======== DATA
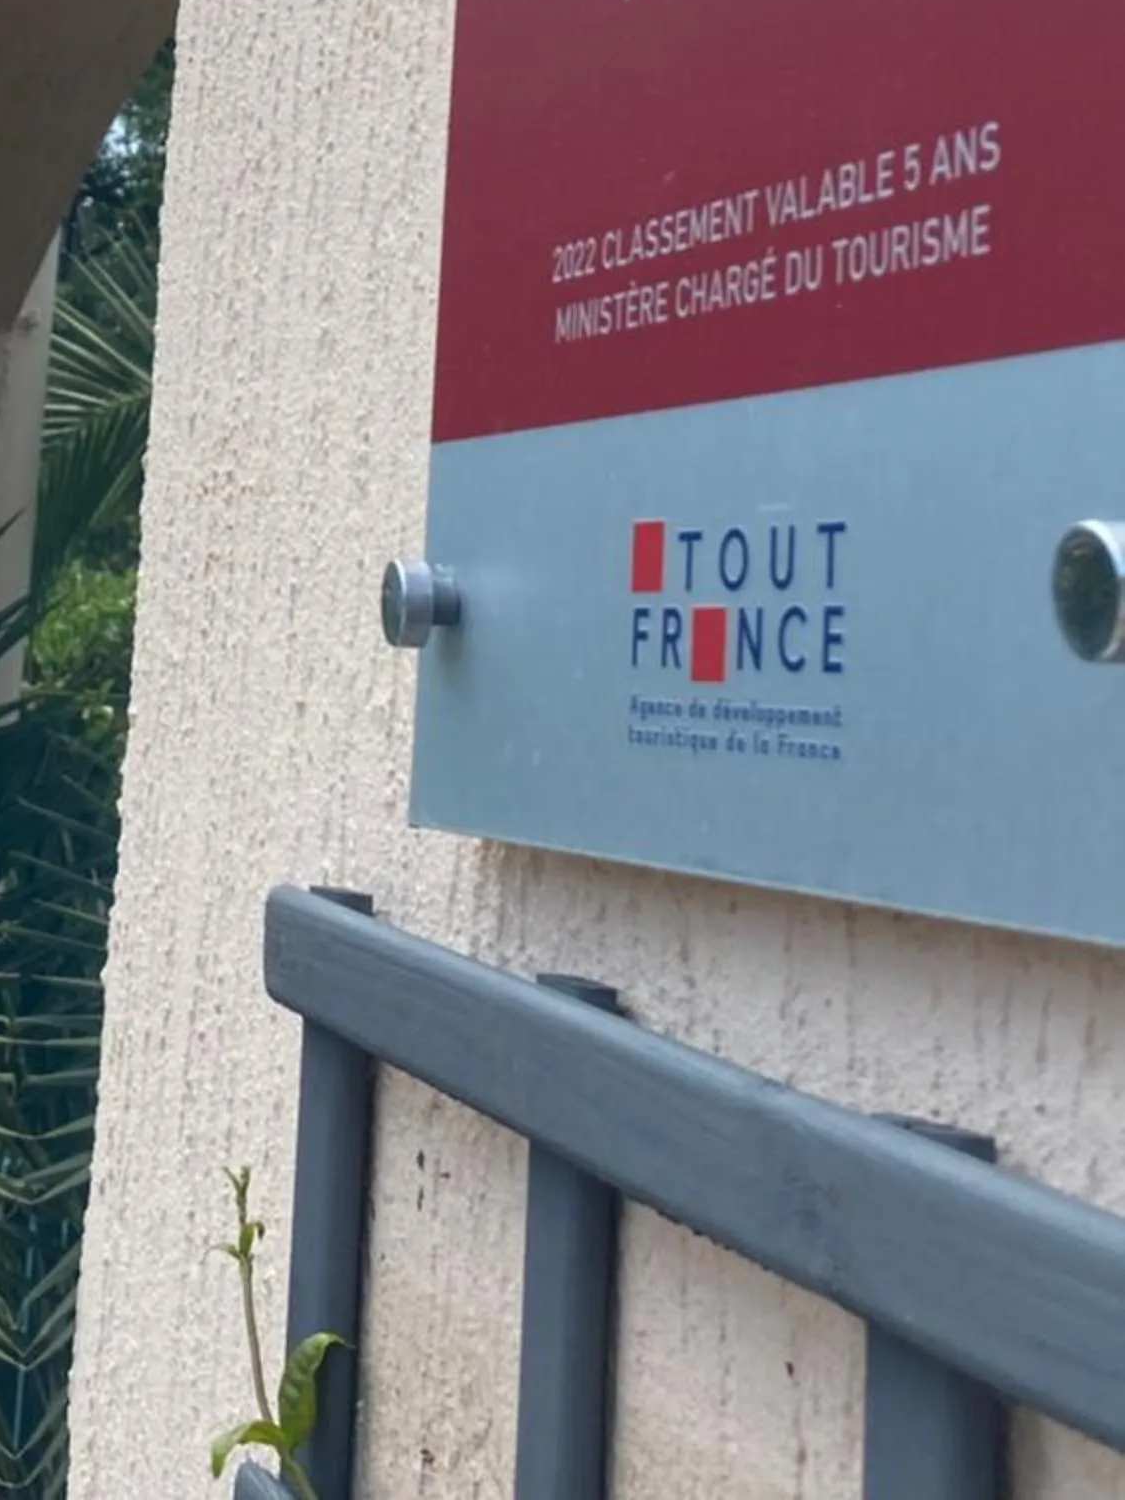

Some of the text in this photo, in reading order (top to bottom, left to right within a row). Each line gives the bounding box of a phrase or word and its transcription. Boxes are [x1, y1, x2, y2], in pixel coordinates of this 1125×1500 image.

[552, 121, 1001, 284] 2022 CLASSEMENT VALABLE 5 ANS
[554, 205, 993, 344] MINISTÈRE CHARGÉ DU TOURISME
[631, 604, 845, 683] FRNCE
[688, 699, 707, 719] de
[725, 731, 746, 753] de
[753, 734, 770, 755] la
[777, 733, 843, 760] France
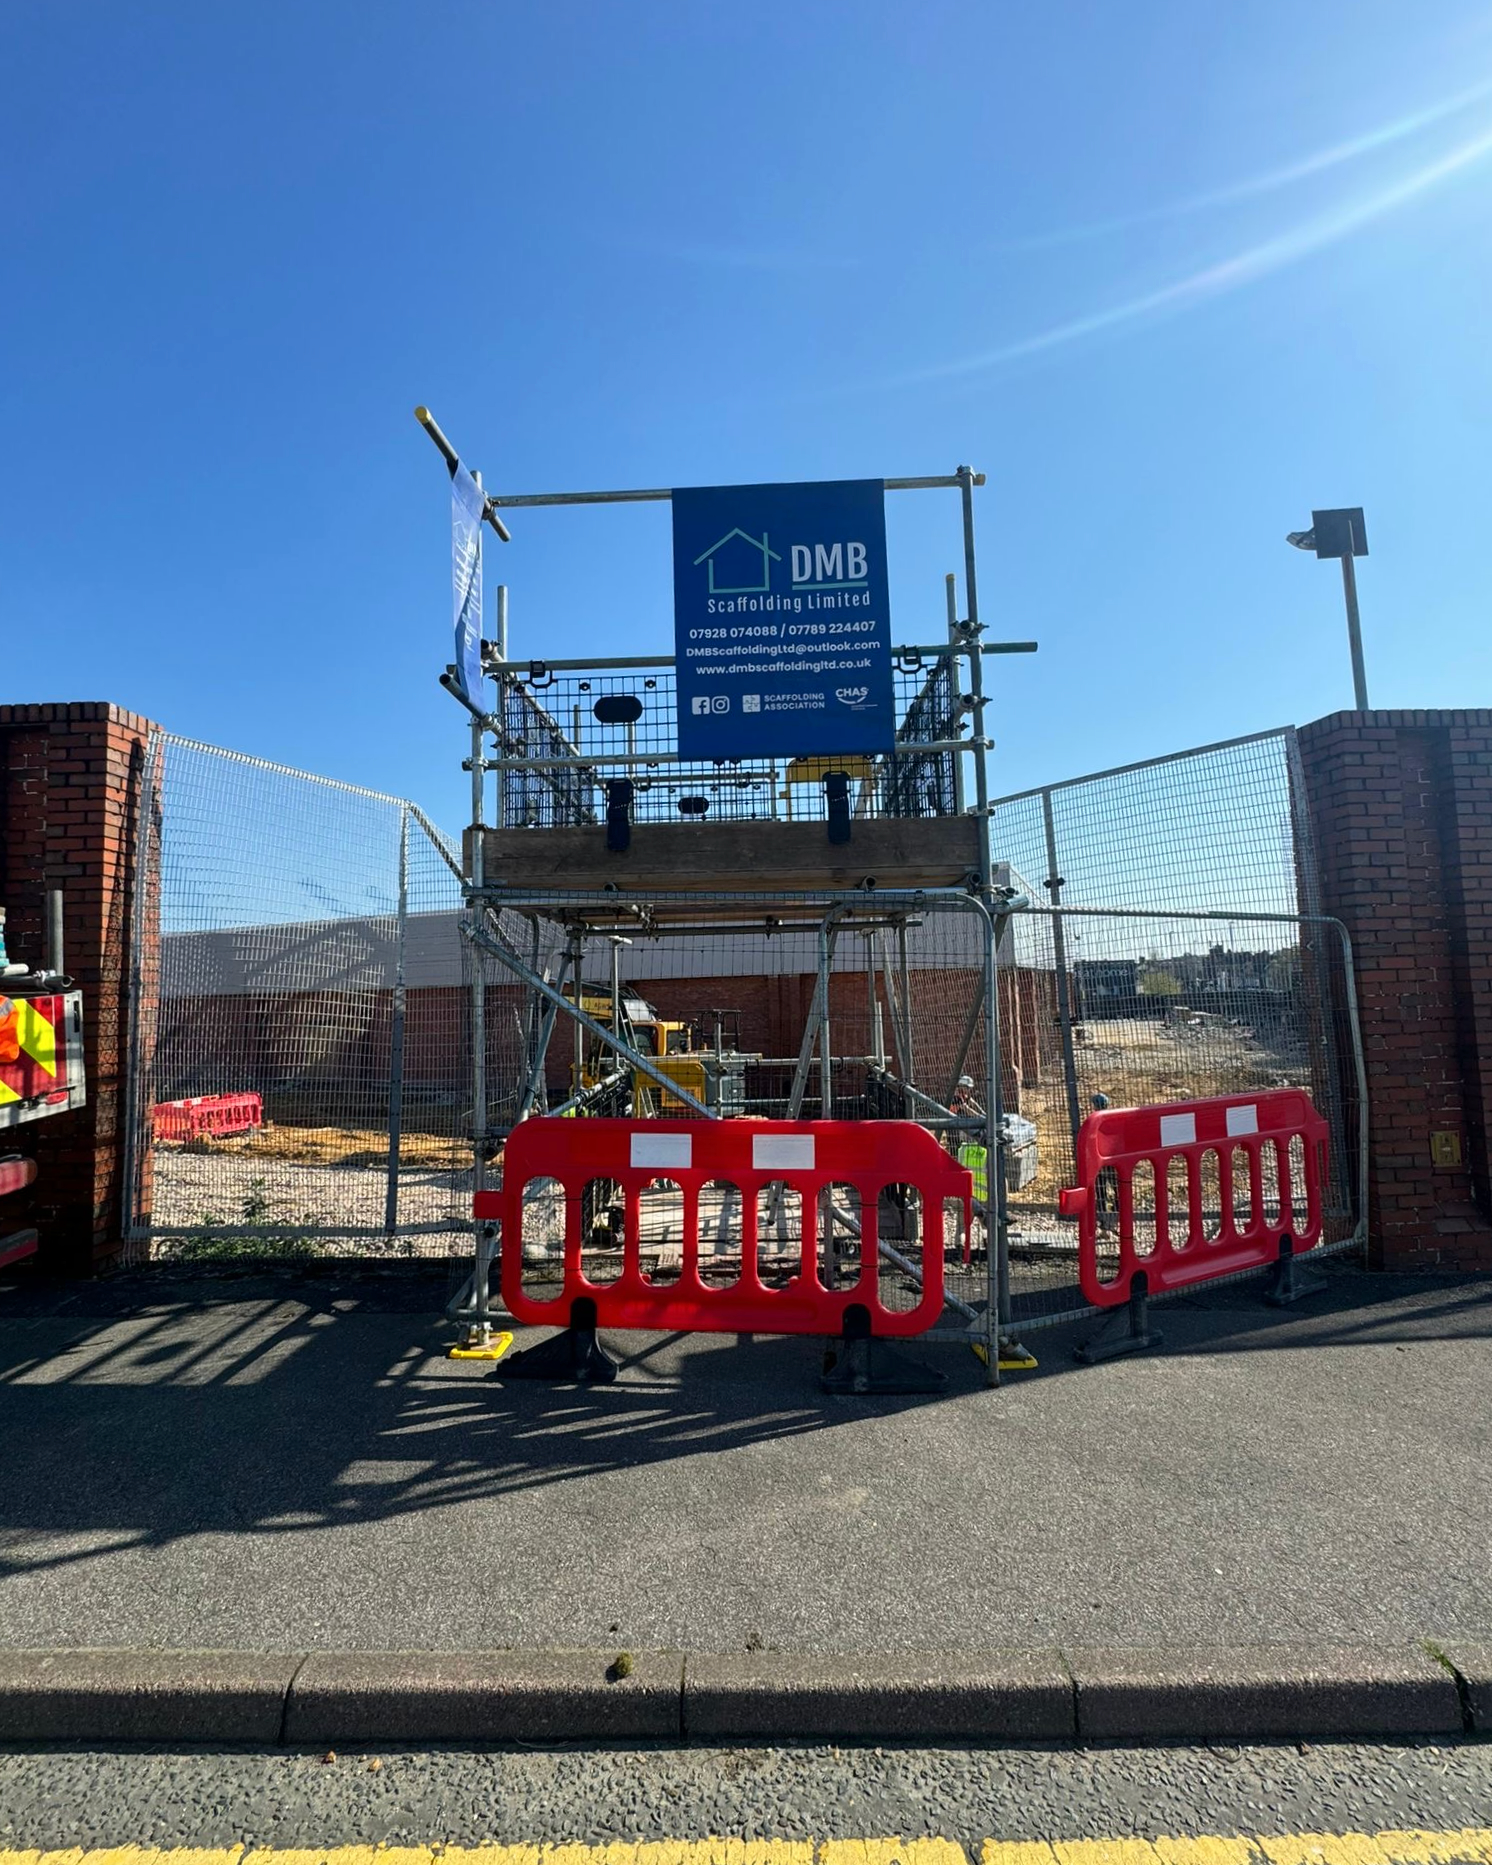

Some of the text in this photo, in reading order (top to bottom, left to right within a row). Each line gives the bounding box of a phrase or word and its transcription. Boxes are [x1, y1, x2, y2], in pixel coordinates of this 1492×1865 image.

[791, 542, 868, 582] DMB
[708, 590, 870, 613] Scaffolding Limited
[689, 628, 727, 639] 07928
[730, 625, 778, 638] 074088
[788, 623, 826, 635] 07789
[828, 621, 876, 633] 224407
[686, 640, 881, 657] DMBScaffoldingLtd@outlook.com
[696, 658, 872, 674] www.dmbscaffoldingltd.co.uk
[764, 693, 825, 702] SCAFFOLDING
[835, 687, 869, 698] CHAS
[764, 702, 825, 711] ASSOCIATION
================
WHAT IS EXPECTED: Leave out every picture and copy the rest of the records exactly.

OUTPUT:
Some of the text in this photo, in reading order (top to bottom, left to right within a row). Each line gives the bounding box of a phrase or word and its transcription. Boxes are [x1, y1, x2, y2], in pixel coordinates of this 1125×1500 image.

[552, 121, 1001, 284] 2022 CLASSEMENT VALABLE 5 ANS
[554, 205, 993, 344] MINISTÈRE CHARGÉ DU TOURISME
[631, 604, 845, 683] FRNCE
[688, 699, 707, 719] de
[725, 731, 746, 753] de
[753, 734, 770, 755] la
[777, 733, 843, 760] France

Some of the text in this photo, in reading order (top to bottom, left to right within a row). Each line gives the bounding box of a phrase or word and its transcription. Boxes are [x1, y1, x2, y2], in pixel coordinates of this 1492×1865 image.

[791, 542, 868, 582] DMB
[708, 590, 870, 613] Scaffolding Limited
[689, 628, 727, 639] 07928
[730, 625, 778, 638] 074088
[788, 623, 826, 635] 07789
[828, 621, 876, 633] 224407
[686, 640, 881, 657] DMBScaffoldingLtd@outlook.com
[696, 658, 872, 674] www.dmbscaffoldingltd.co.uk
[764, 693, 825, 702] SCAFFOLDING
[835, 687, 869, 698] CHAS
[764, 702, 825, 711] ASSOCIATION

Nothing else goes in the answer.